^ Action Potential Nerve impulse due to a moving wave of temporary changes in concentrations of ions inside and outside a cell caused by ion movement across the cell membrane. This changes the electrical transmembrane potential (voltage) difference. Resting potential is about -30 to -60mV, or, in the examples of photoreceptor cells and OFF-center bipolar cells in the light, hyperpolarization of about -80mV. As ions move across the membrane, a depolarization of up to +30mV occurs. In a nerve cell the action potential is started at the post synaptic membrane by neuroreceptor stimulus and propagated along the cell membrane and axon by a balance of actions of voltage-gated Sodium (Na+) and Potassium (K+) Channels and Na+, K+ ATPase ion transporter or pump. Speed of propagation may exceed 100 meters per second. Generally, the frequency, not the amplitude, of action potential firings carries information. Interestingly, photoreceptors, retinal horizontal cells and bipolar cells do not produce rapid action potentials at all. They only generate slow graded hyperpolarizations and depolarizations to various light stimuli.

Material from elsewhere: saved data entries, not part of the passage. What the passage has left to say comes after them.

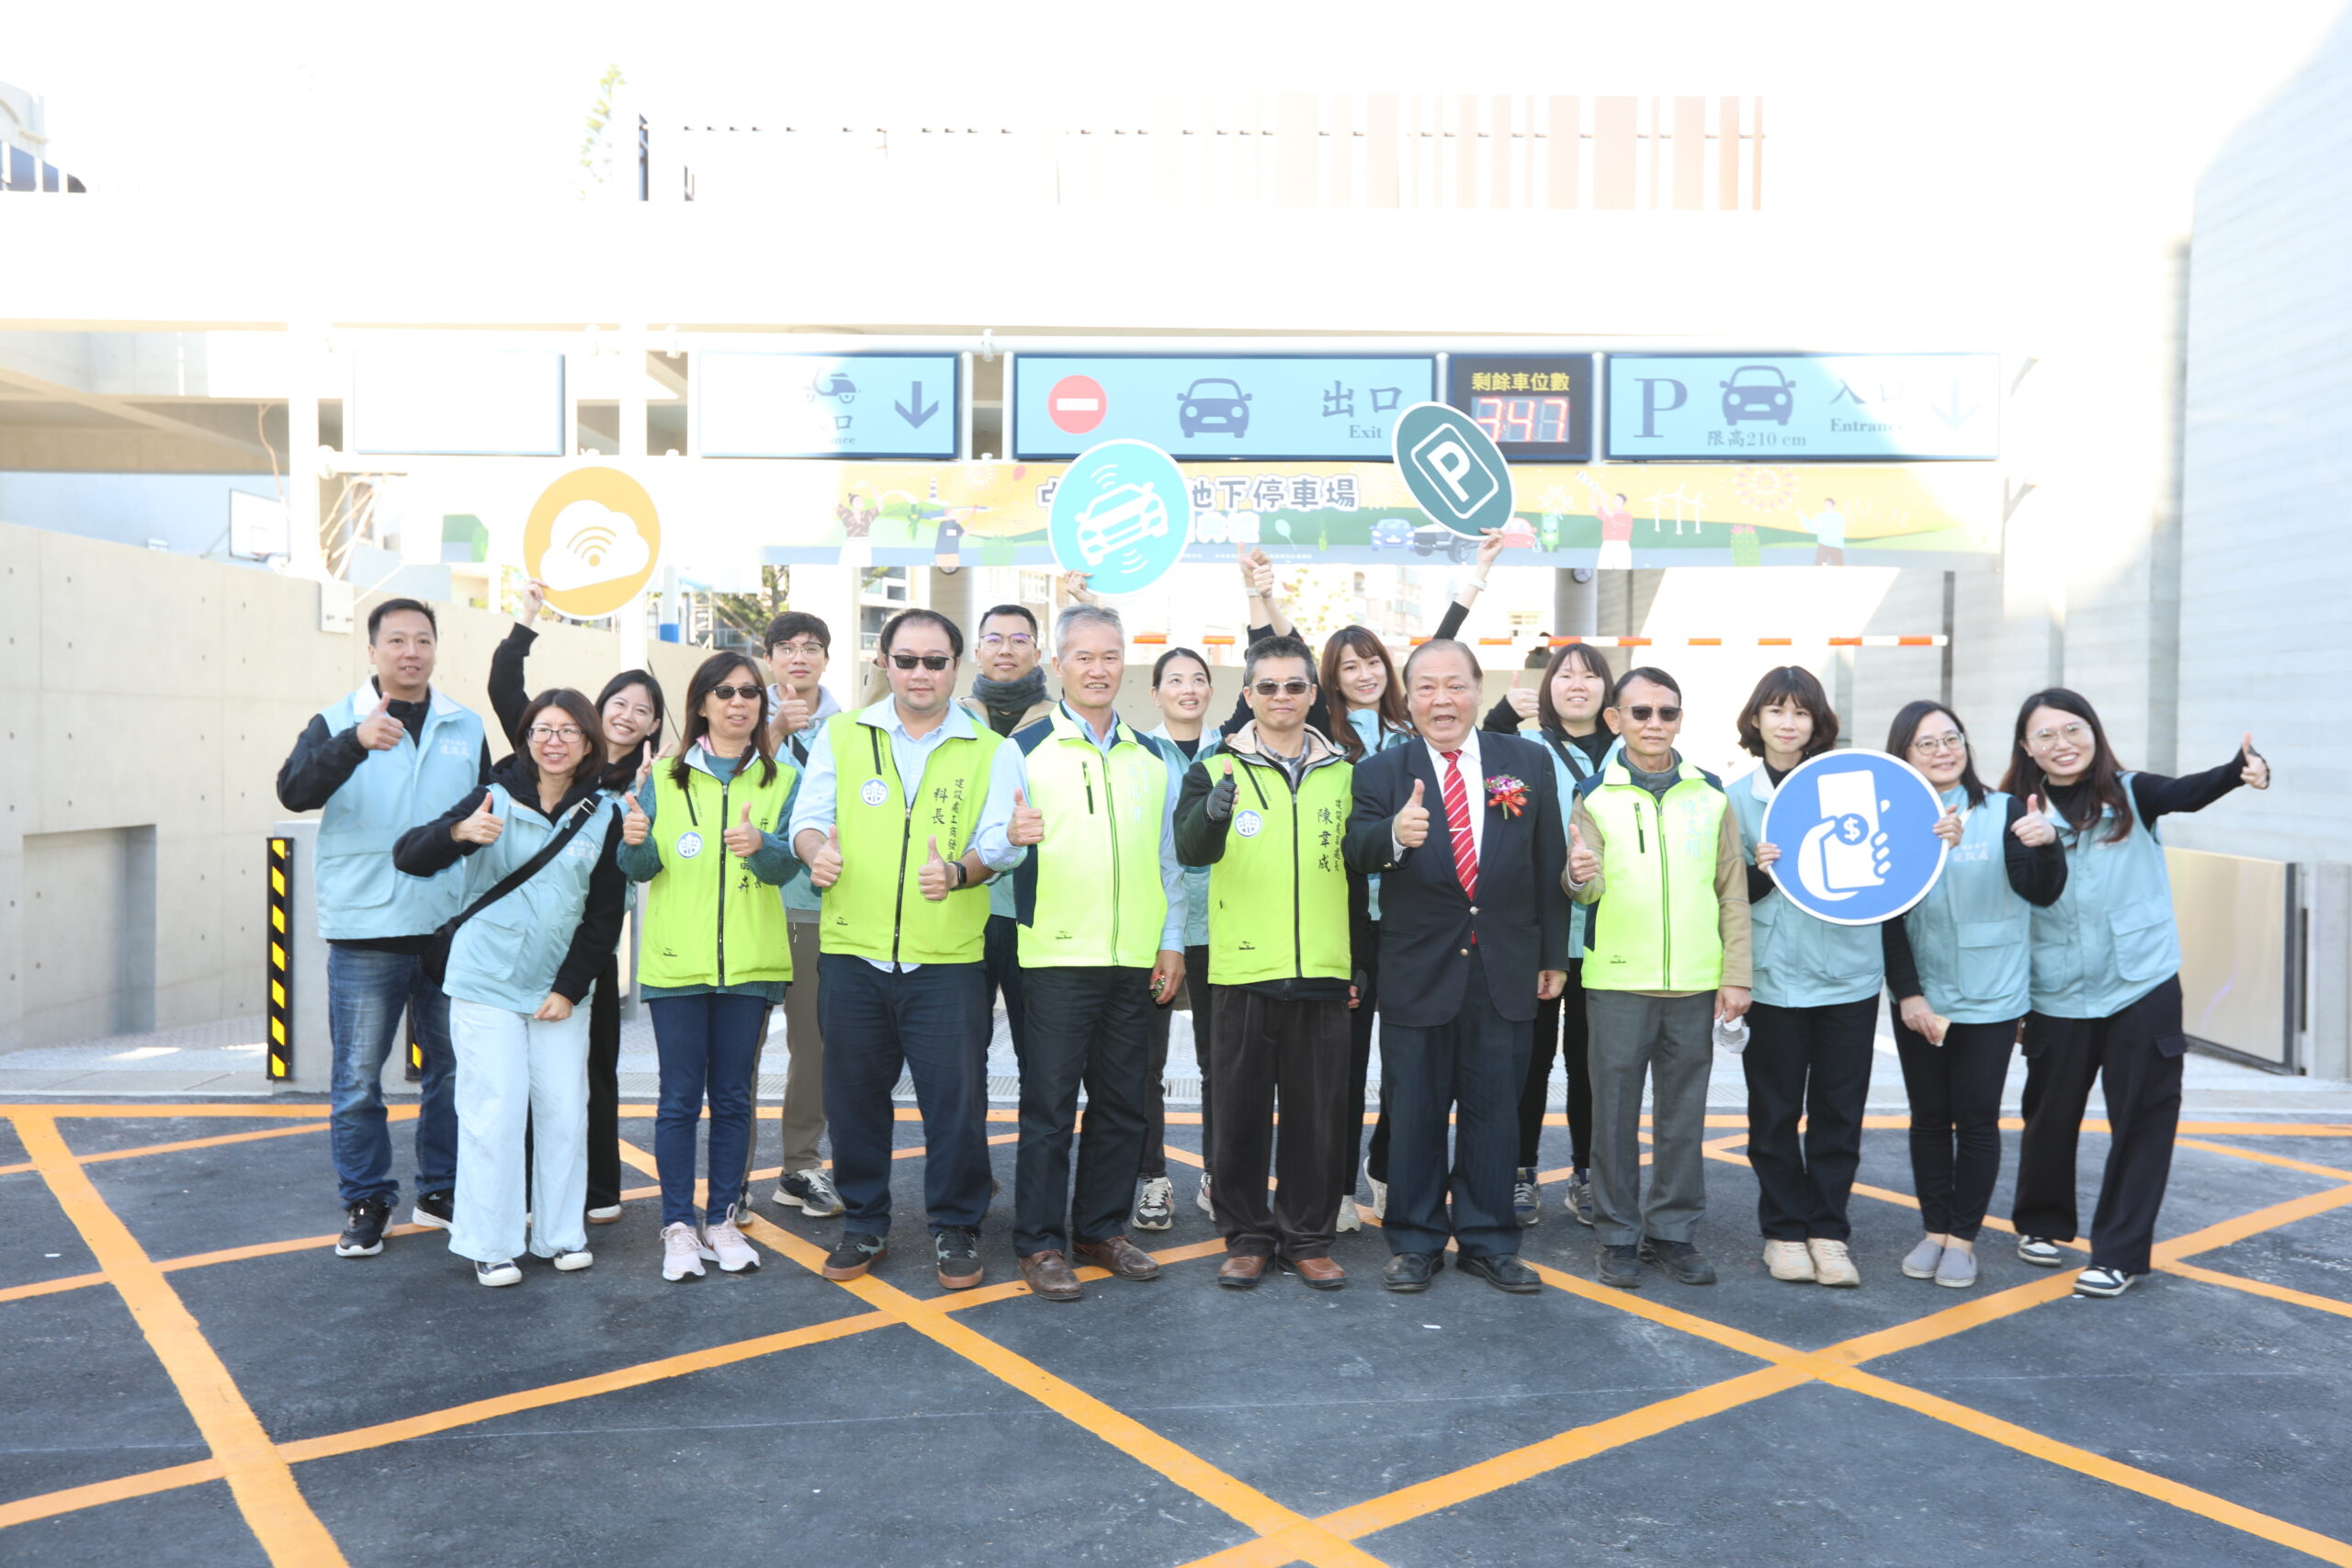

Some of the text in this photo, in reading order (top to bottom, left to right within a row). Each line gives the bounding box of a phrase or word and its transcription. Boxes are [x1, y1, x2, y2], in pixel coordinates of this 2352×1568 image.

[1320, 379, 1404, 418] 出口
[1471, 371, 1570, 392] 剩餘車位數
[1475, 397, 1570, 444] 347
[1634, 378, 1688, 438] P
[1348, 424, 1383, 439] Exit
[1781, 434, 1807, 447] cm
[931, 787, 948, 825] 科長

Mathematical modelling of action potentials from the Science Asylum
^ Adenosine A nucleoside which may act as a retinal neuro transmitter in amacrine or ganglion cells. It is also involved with blood vessel dilation, heartbeat regulation, smooth muscle contraction and sleep regulation. Caffeine blocks adenosine neuronal receptors in the brain thereby promoting wakefulness.

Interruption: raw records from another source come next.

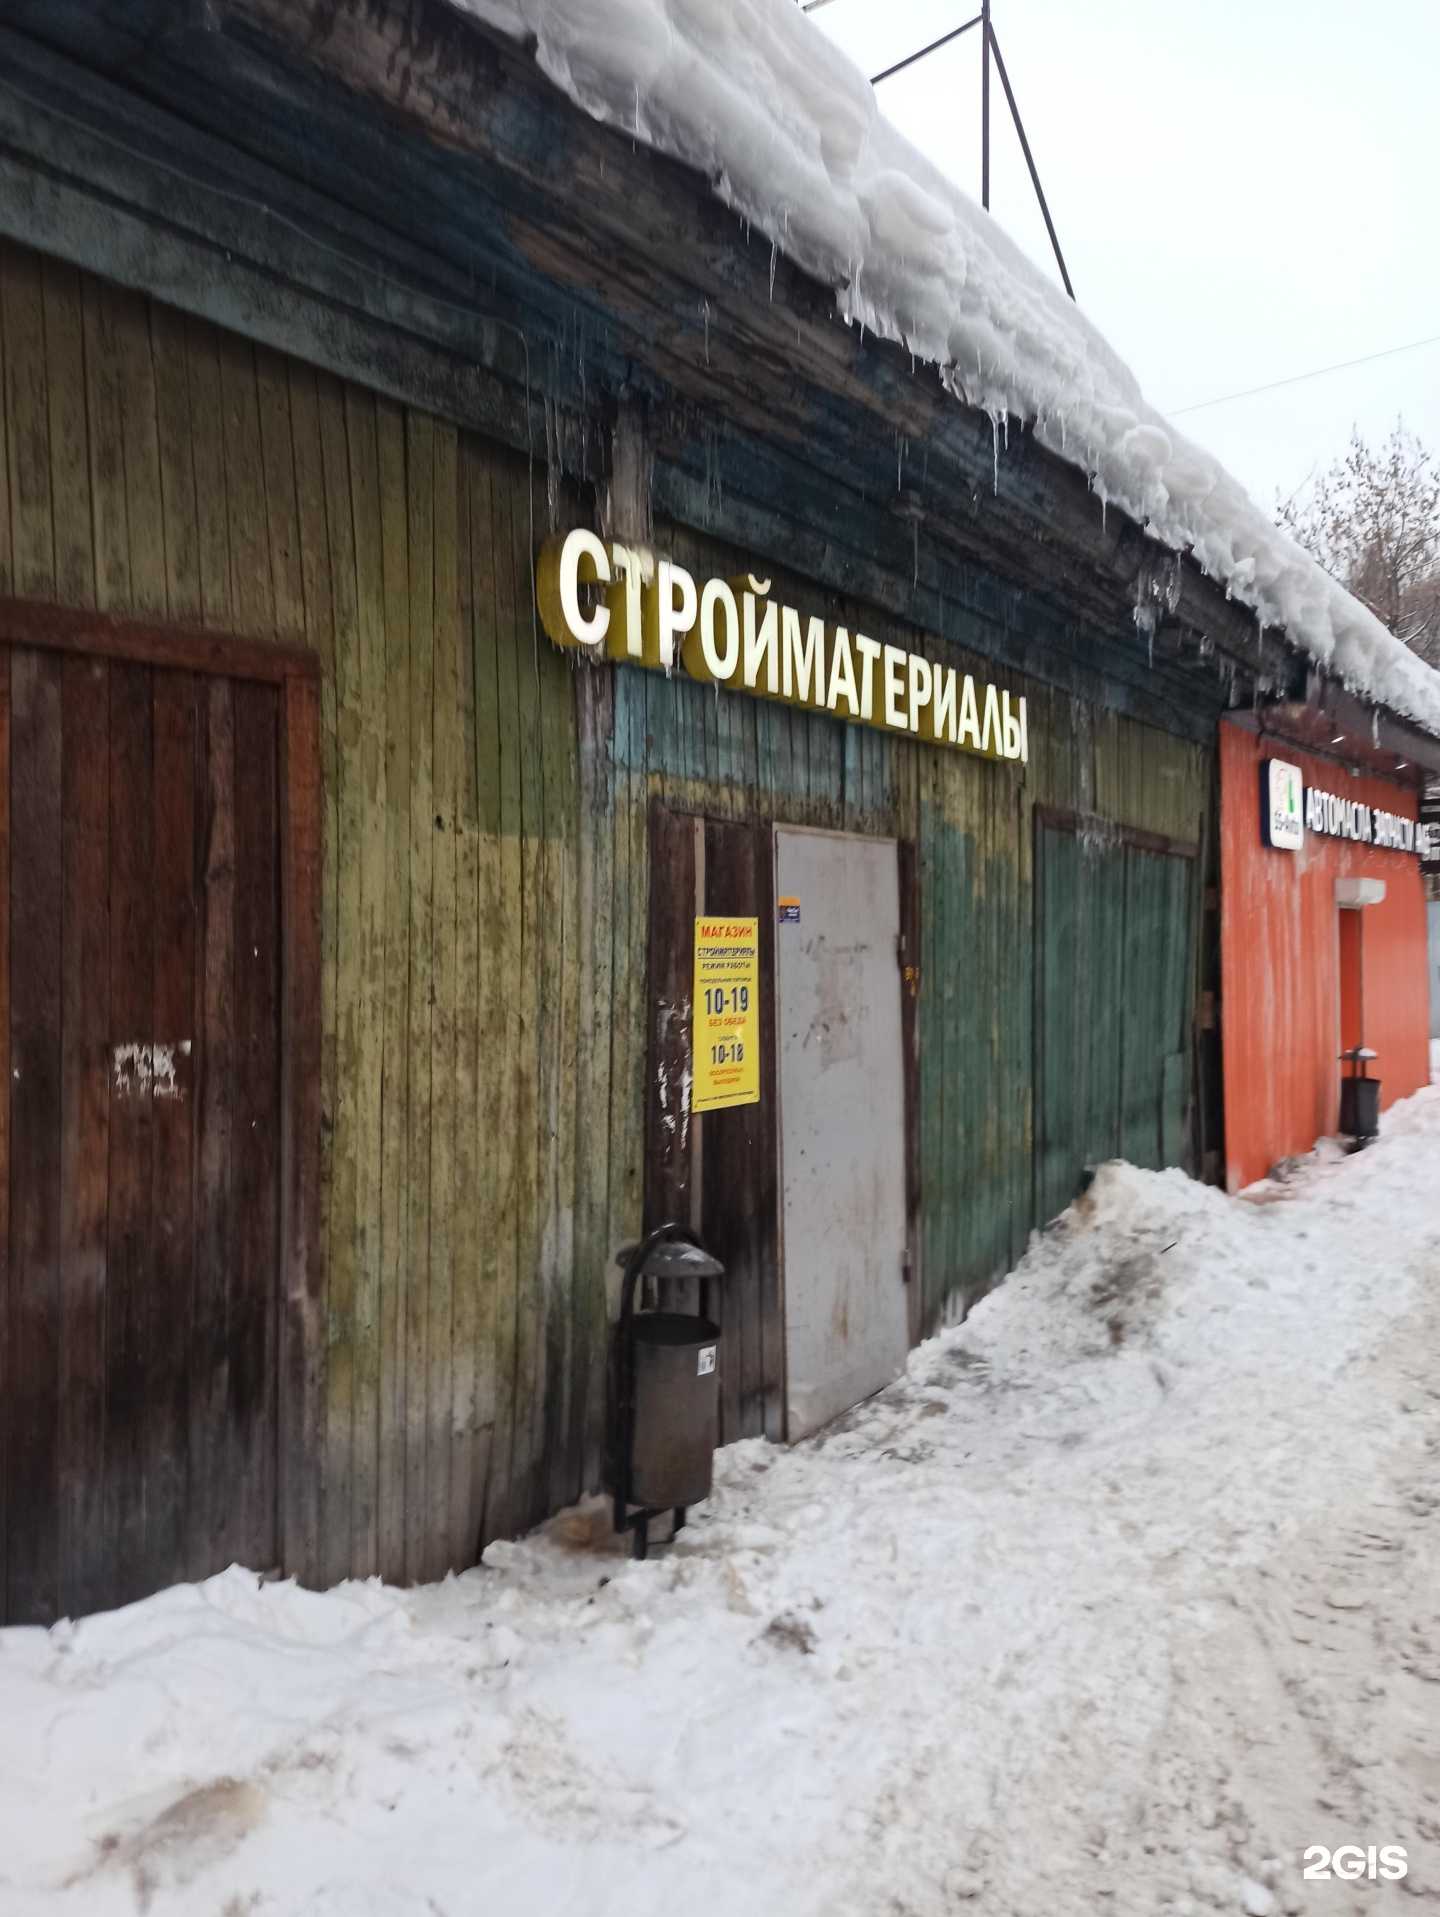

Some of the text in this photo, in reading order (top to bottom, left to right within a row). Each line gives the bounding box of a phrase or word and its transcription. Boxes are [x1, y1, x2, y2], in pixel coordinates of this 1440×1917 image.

[560, 528, 1028, 764] СТРОЙМАТЕРИАЛЫ
[1306, 787, 1371, 842] АВТОМАСЛА
[701, 925, 753, 938] МАГАЗИН
[704, 986, 750, 1015] 10-19
[711, 1044, 744, 1065] 10-18

^ Adenosine triphosphate (ATP) Energy transporting "currency". Made by substrate phosphorylation from ADP in glycolysis in the cytosol and the tricarboxylic acid (TCA, Krebbs) cycle of the mitochondrial matrix and by NADH dependant oxidative phosphorylation in the electron transport chain of the mitochondrial inner membrane. see Nucleotide
^ Advanced glycation end products (AGEs) Attachments of sugars onto amino acids of proteins causing cross linking of molecular structures. This is one likely mechanism of aging. This accelerated process in diabetes mellitus explains rapid tissue degeneration in this disease. Tobacco smoking also plays a role in AGE production. Experiments in animals have shown a reduction of retinal damage, amongst other degenerative changes, when AGE formation is prevented with aminoguanidine or reversed with dimethyl-3-phenacylthiazolium chloride or ALT-711. There are various potential therapies in glaucoma relating to neuroprotection and eye structure remodeling.
Asif M, Egan J, Vasan S, Jyothirmayi GN, Masurekar MR, Lopez S, Williams C, Torres RL, Wagle D, Ulrich P, Cerami A, Brines M, Regan TJ. An advanced glycation endproduct cross-link breaker can reverse age-related increases in myocardial stiffness. Proc Natl Acad Sci U S A. 2000 Mar 14;97(6):2809-13.PMID 10706607 see also PMID 11158613
Cerami C, Founds H, Nicholl I, Mitsuhashi T, Giordano D, Vanpatten S, Lee A, Al-Abed Y, Vlassara H, Bucala R, Cerami A. Tobacco smoke is a source of toxic reactive glycation products. Proc Natl Acad Sci U S A. 1997 Dec 9;94(25):13915-20.PMID 9391127
Tezel G. Oxidative stress in glaucomatous neurodegeneration: mechanisms and consequences. Prog Retin Eye Res. 2006 September; 25(5): 490-513 PMID 16962364
^ AION see Anterior Ischaemic Optic Neuropathy
^ AIDS (Acquired Immune Deficiency Syndrome) The clinical symptomatic stage of Human Immunodeficiency Virus (HIV) infection. Optic nerve disease can be demonstrated as early as the preclinical stage of HIV infection in the form of visual field defects. Pathology in the brain, Progressive Diffuse Leukoencephalopathy, is similar to the optic nerve. Retinal or optic nerve damage can occur with or without secondary eye infection [retinitis] and with or without Highly Active Anti Retroviral Therapy. Anti HIV drugs like suramin sodium may have optic nerve toxic effects or zidovudine which can cause retinal nerve damage independantly of the virus infection.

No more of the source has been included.